The Bad Muslim Discount, by Syed M. Masood (Doubleday, 368 pages)
The Bad Muslim Discount is the second book by Syed Masood, a Sacramento attorney who grew up in Pakistan. He brings a first-person perspective to this story of two Muslim families who come to the U.S. — one from Pakistan, and one from Iraq — and how disparate lives eventually collide.
It is a deeply moving and often tragic narrative that is liberally undercut with humor and a wonderfully relatable voice. While The Bad Muslim Discount is about people heavily influenced by other cultures, in both good and horrific ways, it’s still essentially an American story. As such, the novel provides a much needed and easily digestible perspective for the many Americans who still involuntarily shudder at the words “Allahu Akbar.”

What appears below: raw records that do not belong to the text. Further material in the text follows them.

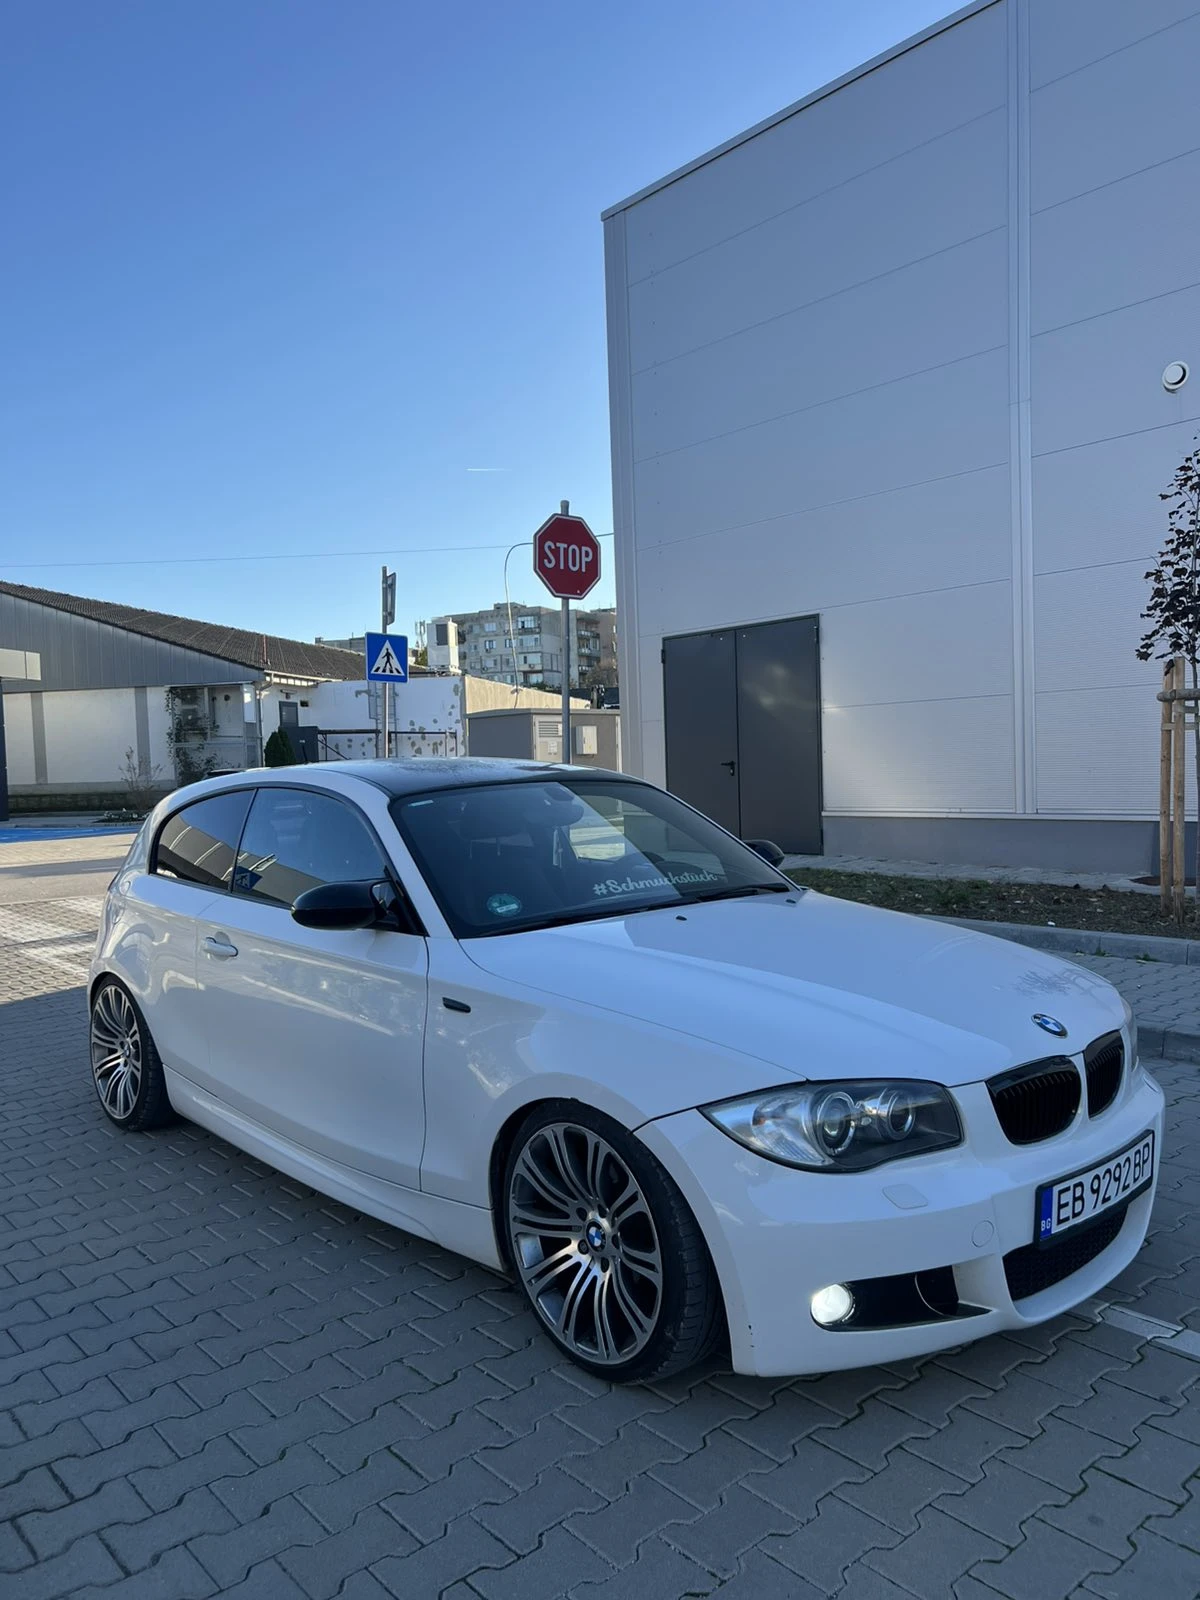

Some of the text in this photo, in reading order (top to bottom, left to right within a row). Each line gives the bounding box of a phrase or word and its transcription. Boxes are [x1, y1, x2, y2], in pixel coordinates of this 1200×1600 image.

[543, 540, 593, 573] STOP
[1056, 1142, 1150, 1226] EB 9292 BP
[1040, 1218, 1052, 1232] BG
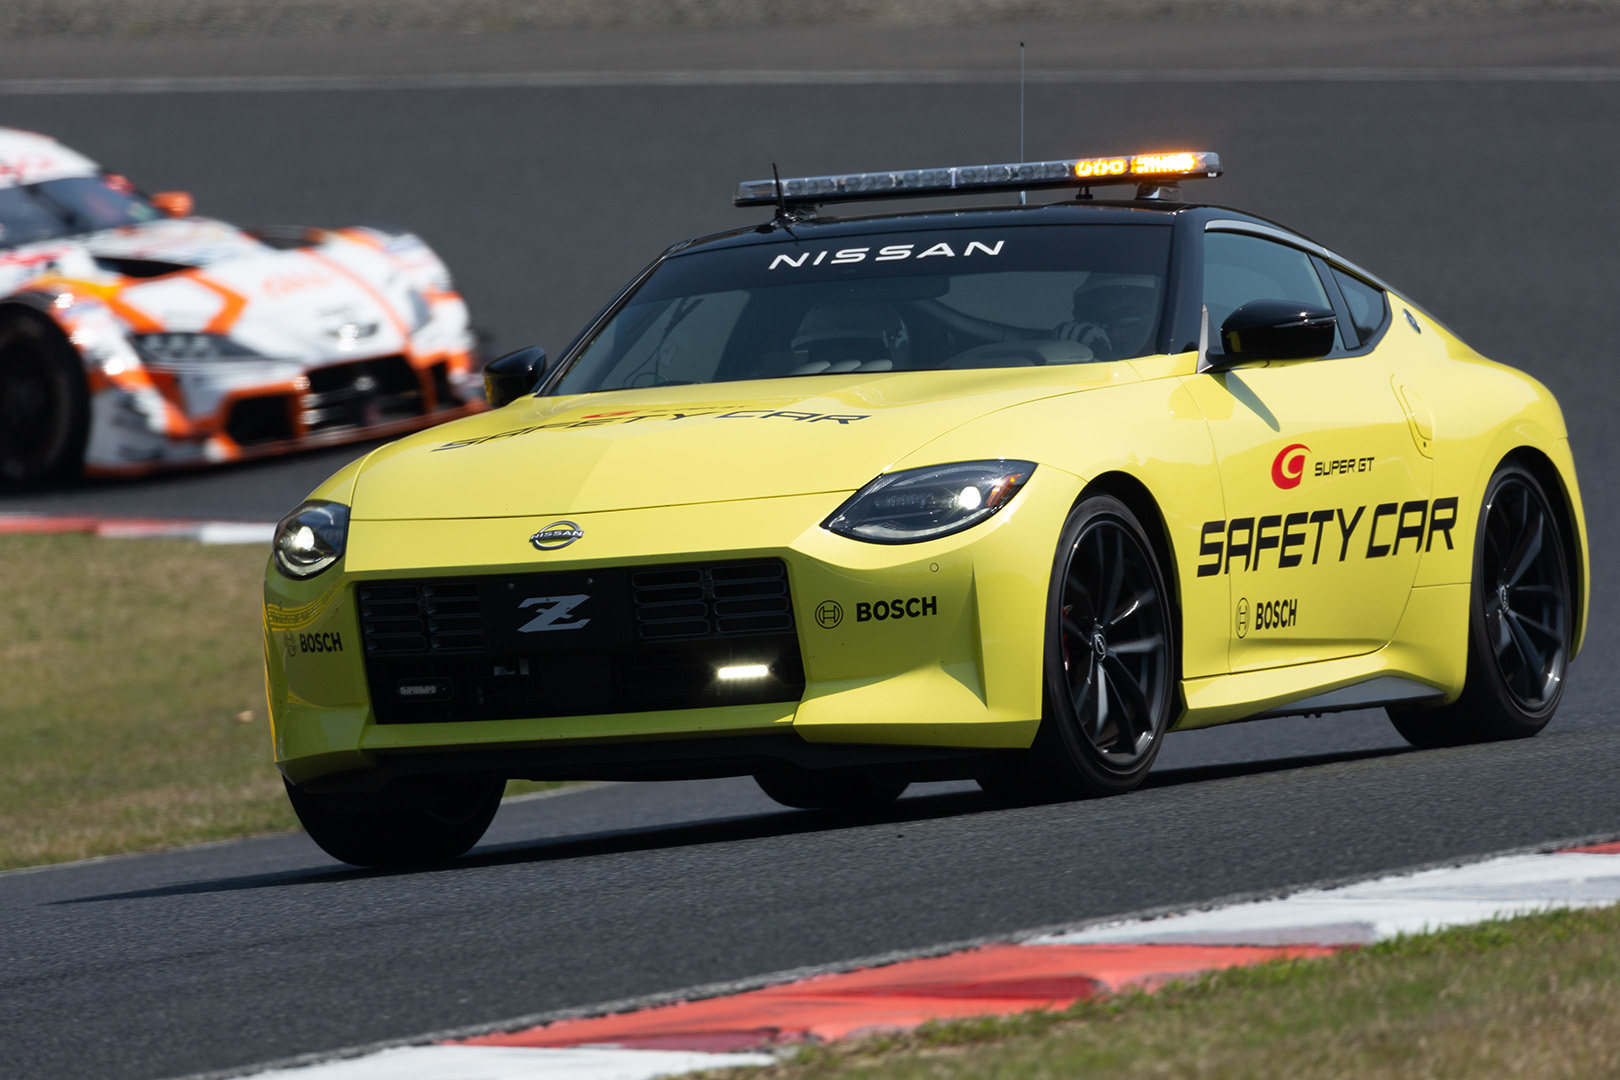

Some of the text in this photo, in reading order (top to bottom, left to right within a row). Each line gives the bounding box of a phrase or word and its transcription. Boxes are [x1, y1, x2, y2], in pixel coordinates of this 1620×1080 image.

[768, 240, 1005, 270] NISSAN
[430, 409, 872, 452] SAFETY CAR
[1314, 456, 1375, 477] SUPER GT
[530, 530, 585, 541] NISSAN
[1196, 496, 1459, 578] SAFETY CAR
[517, 593, 591, 633] Z
[856, 595, 938, 622] BOSCH
[1255, 598, 1298, 630] BOSCH
[299, 631, 343, 653] BOSCH
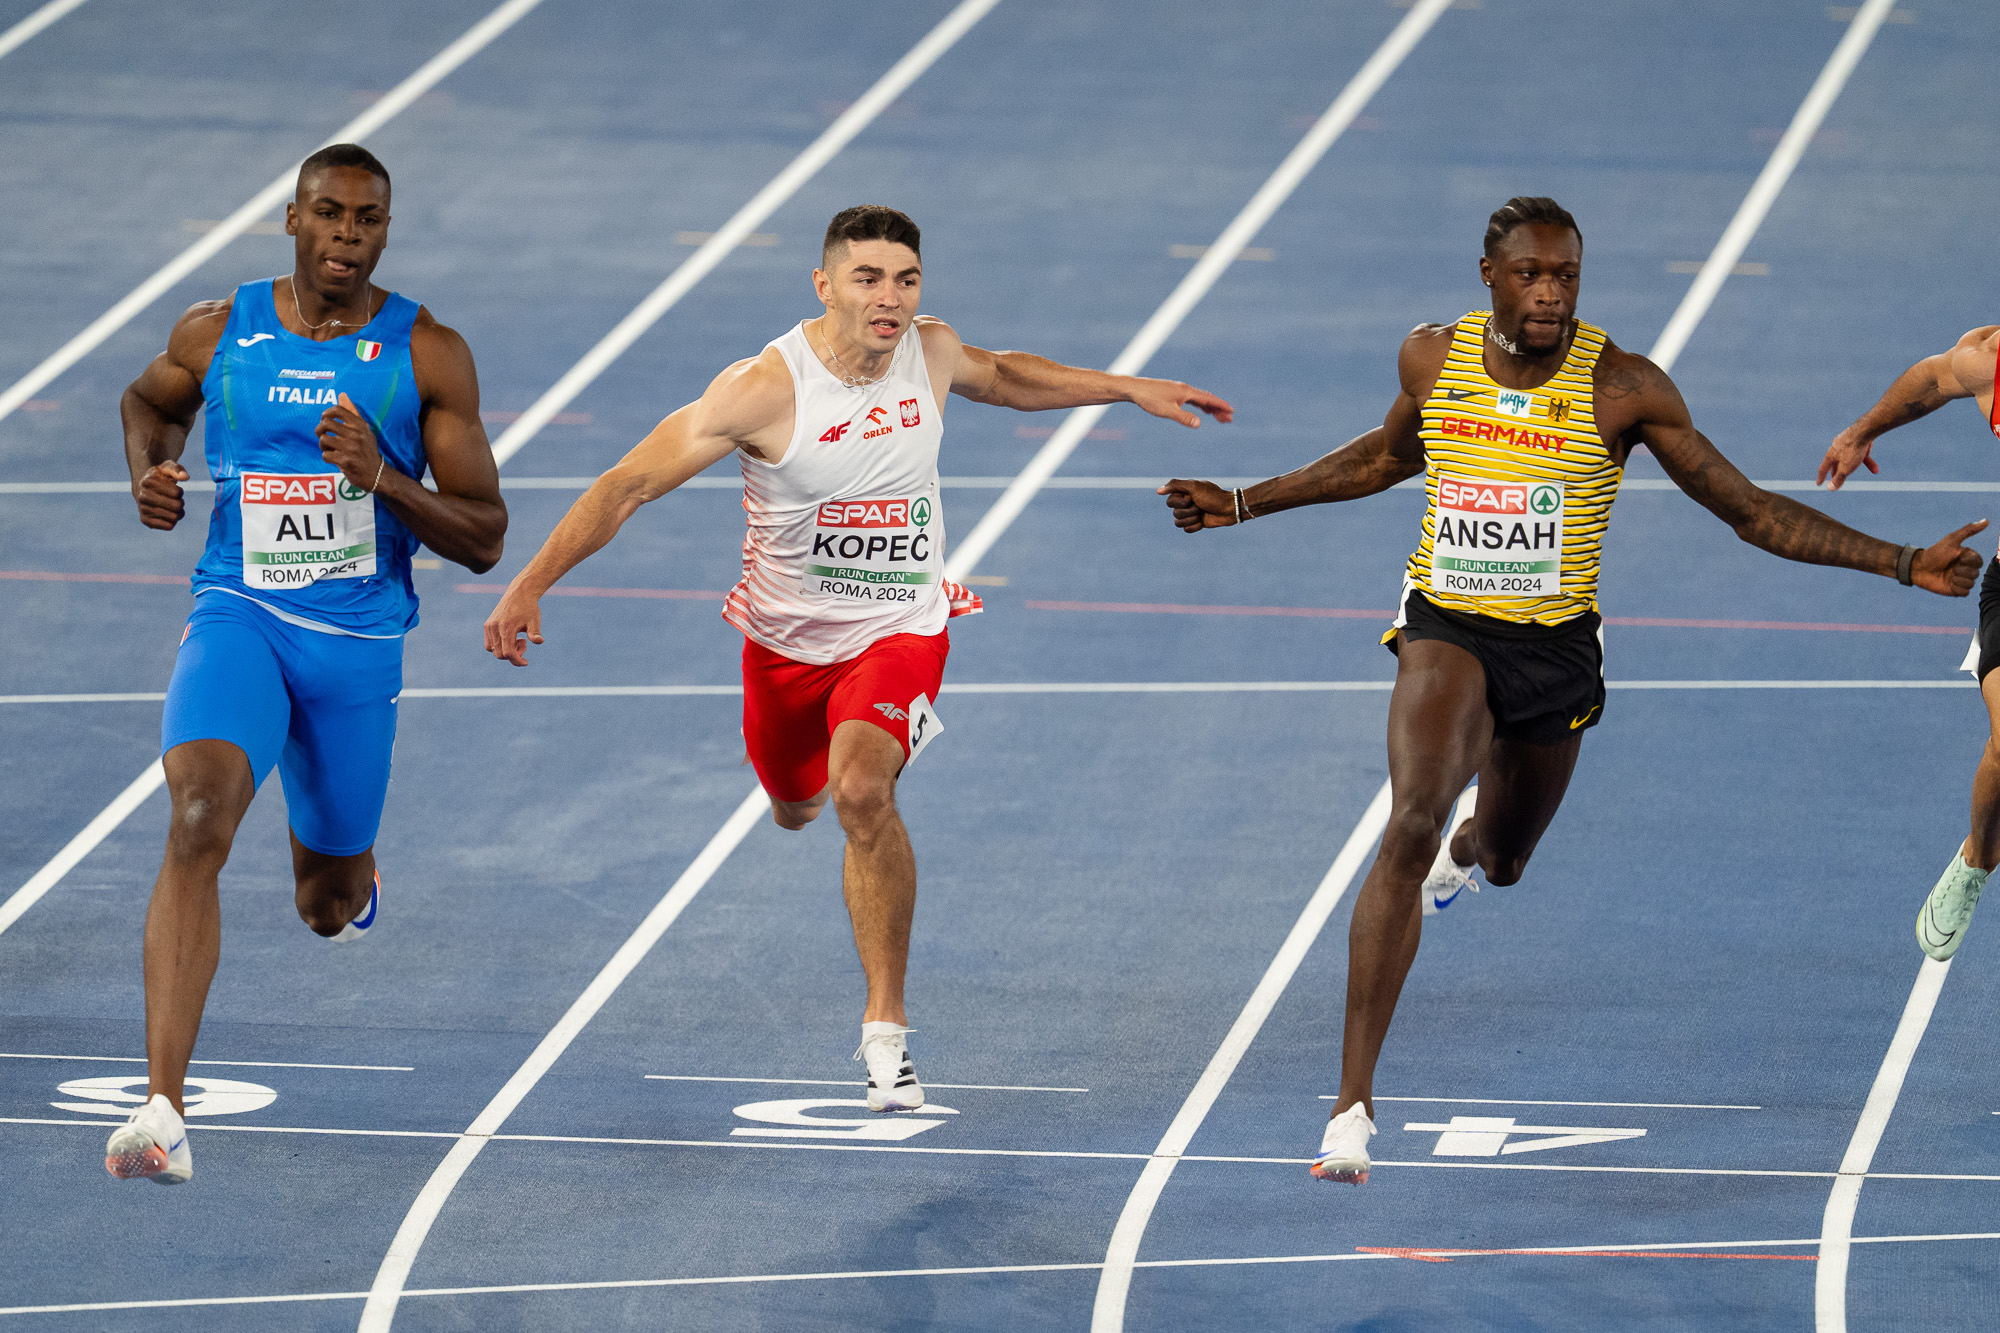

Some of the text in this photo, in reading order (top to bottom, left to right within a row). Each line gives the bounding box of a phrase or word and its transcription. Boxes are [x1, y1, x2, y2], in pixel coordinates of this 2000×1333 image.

[280, 368, 336, 377] FRECCIAROSSA
[267, 386, 338, 405] ITALIA
[818, 420, 852, 443] 4F
[863, 425, 893, 440] ORLEN
[1441, 416, 1568, 454] GERMANY
[245, 478, 334, 502] SPAR
[1440, 483, 1525, 511] SPAR
[820, 503, 906, 525] SPAR
[275, 512, 336, 542] ALI
[1436, 516, 1556, 550] ANSAH
[812, 528, 929, 562] KOPEĆ
[268, 553, 272, 564] I
[274, 552, 302, 564] RUN
[1454, 559, 1458, 570] I
[1459, 559, 1486, 572] RUN
[262, 568, 315, 583] ROMA
[831, 568, 836, 577] I
[837, 568, 865, 580] RUN
[1446, 574, 1543, 592] ROMA 2024
[820, 580, 917, 602] ROMA 2024
[873, 702, 910, 721] 4F
[729, 1098, 961, 1141] 5
[1403, 1116, 1648, 1157] 4
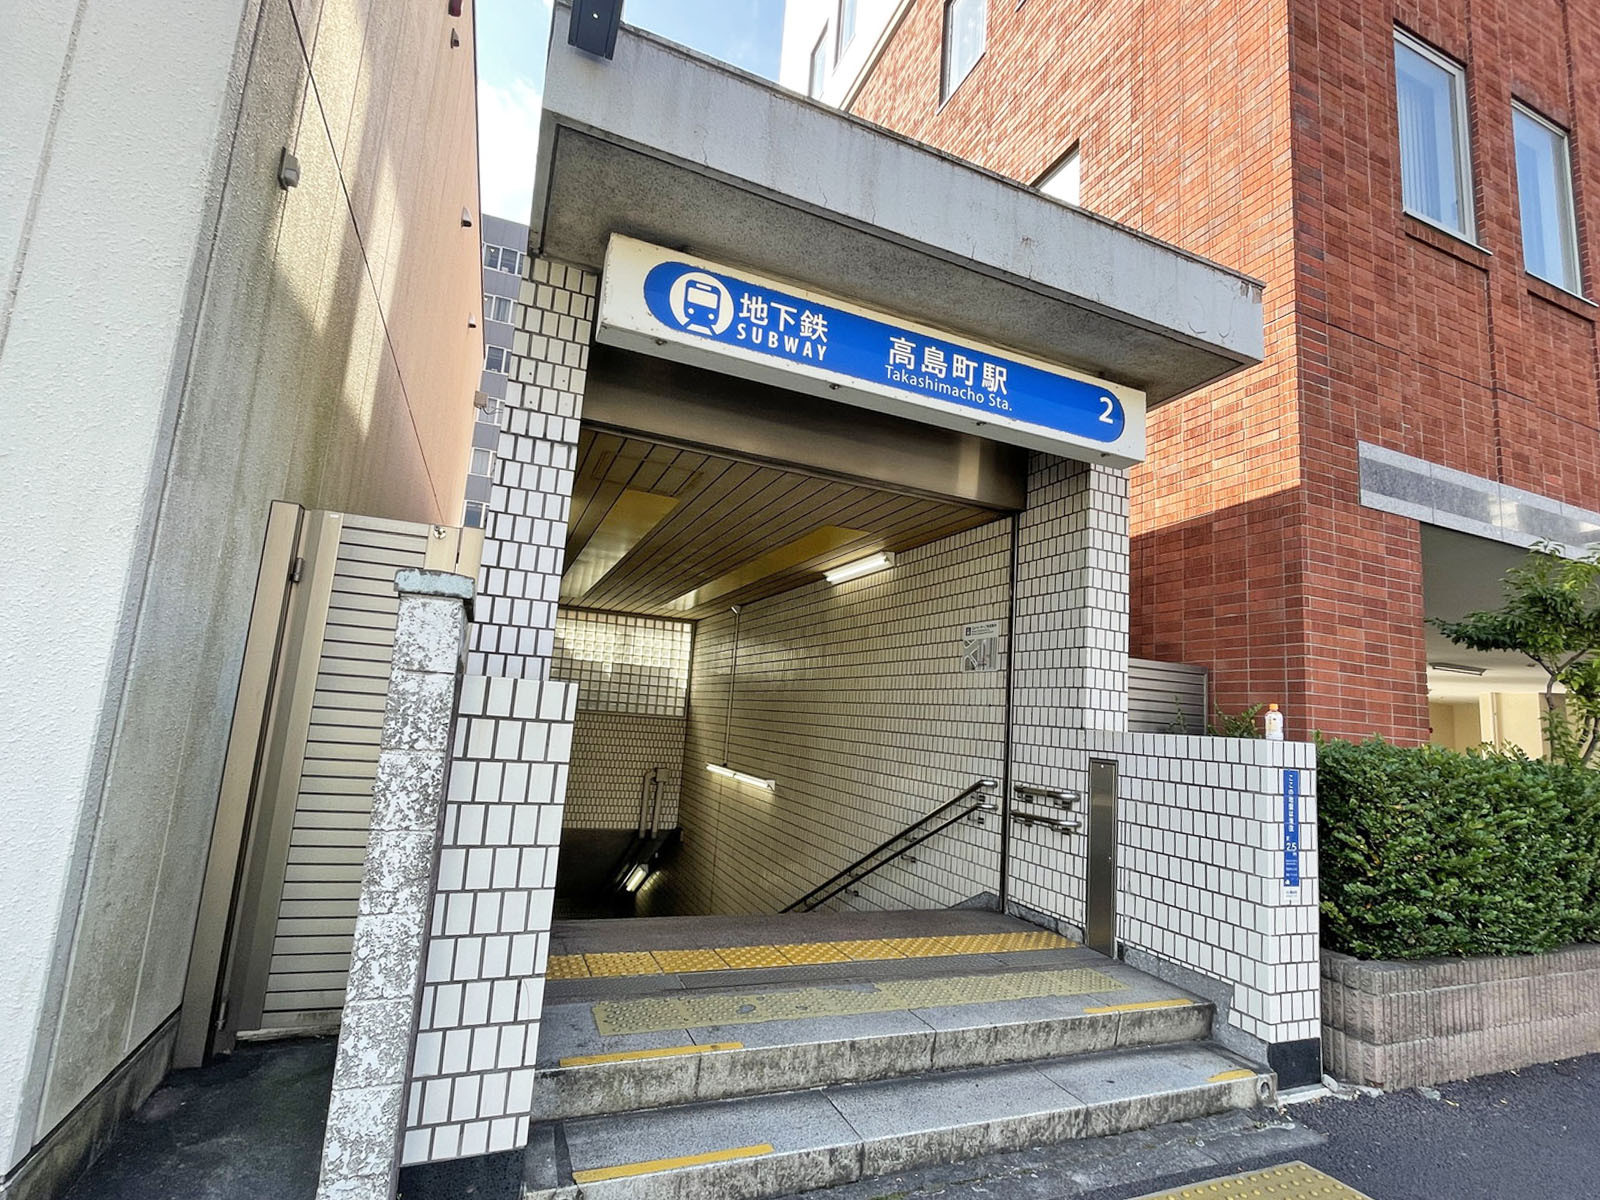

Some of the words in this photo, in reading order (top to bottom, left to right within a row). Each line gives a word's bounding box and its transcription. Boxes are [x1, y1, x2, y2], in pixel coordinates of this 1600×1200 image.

The novel opens with the killing of a goat. Yes, many Muslims still sacrifice animals, even in America, and that is yet another cultural hurdle that stands high for animal lovers. But the shock of the sacrifice, carried out by a child, is overcome in a wise and compassionate telling, as the father comforts his distraught son, explaining that most people don’t understand the point of a ritual sacrifice.
“They think their offering is the money they spend on the animal. Or they think it is the life of the animal,” the father says. “But it isn’t. You are the sacrifice. What are you feeling now? That is your sacrifice. The lives of other creatures are not yours to take.”
The weeping boy is Anvar, the Pakistani who grows into the titular “bad Muslim” and takes turns narrating the book in first person with a young woman, Safwa, who eventually moves to the U.S. from Baghdad with her rigidly orthodox father.
Anvar demonstrates the truth that people are people, no matter where they’re from, with family dynamics that are easily recognizable to anyone who has never left the U.S. He struggles to deal with a neurotic mother and the too perfect brother who casts a long shadow over everything Anvar tries to accomplish. Even when he becomes a lawyer, he is the family’s black sheep, watching as his brother seems to get everything he wants, dealing with it by cracking cynical jokes.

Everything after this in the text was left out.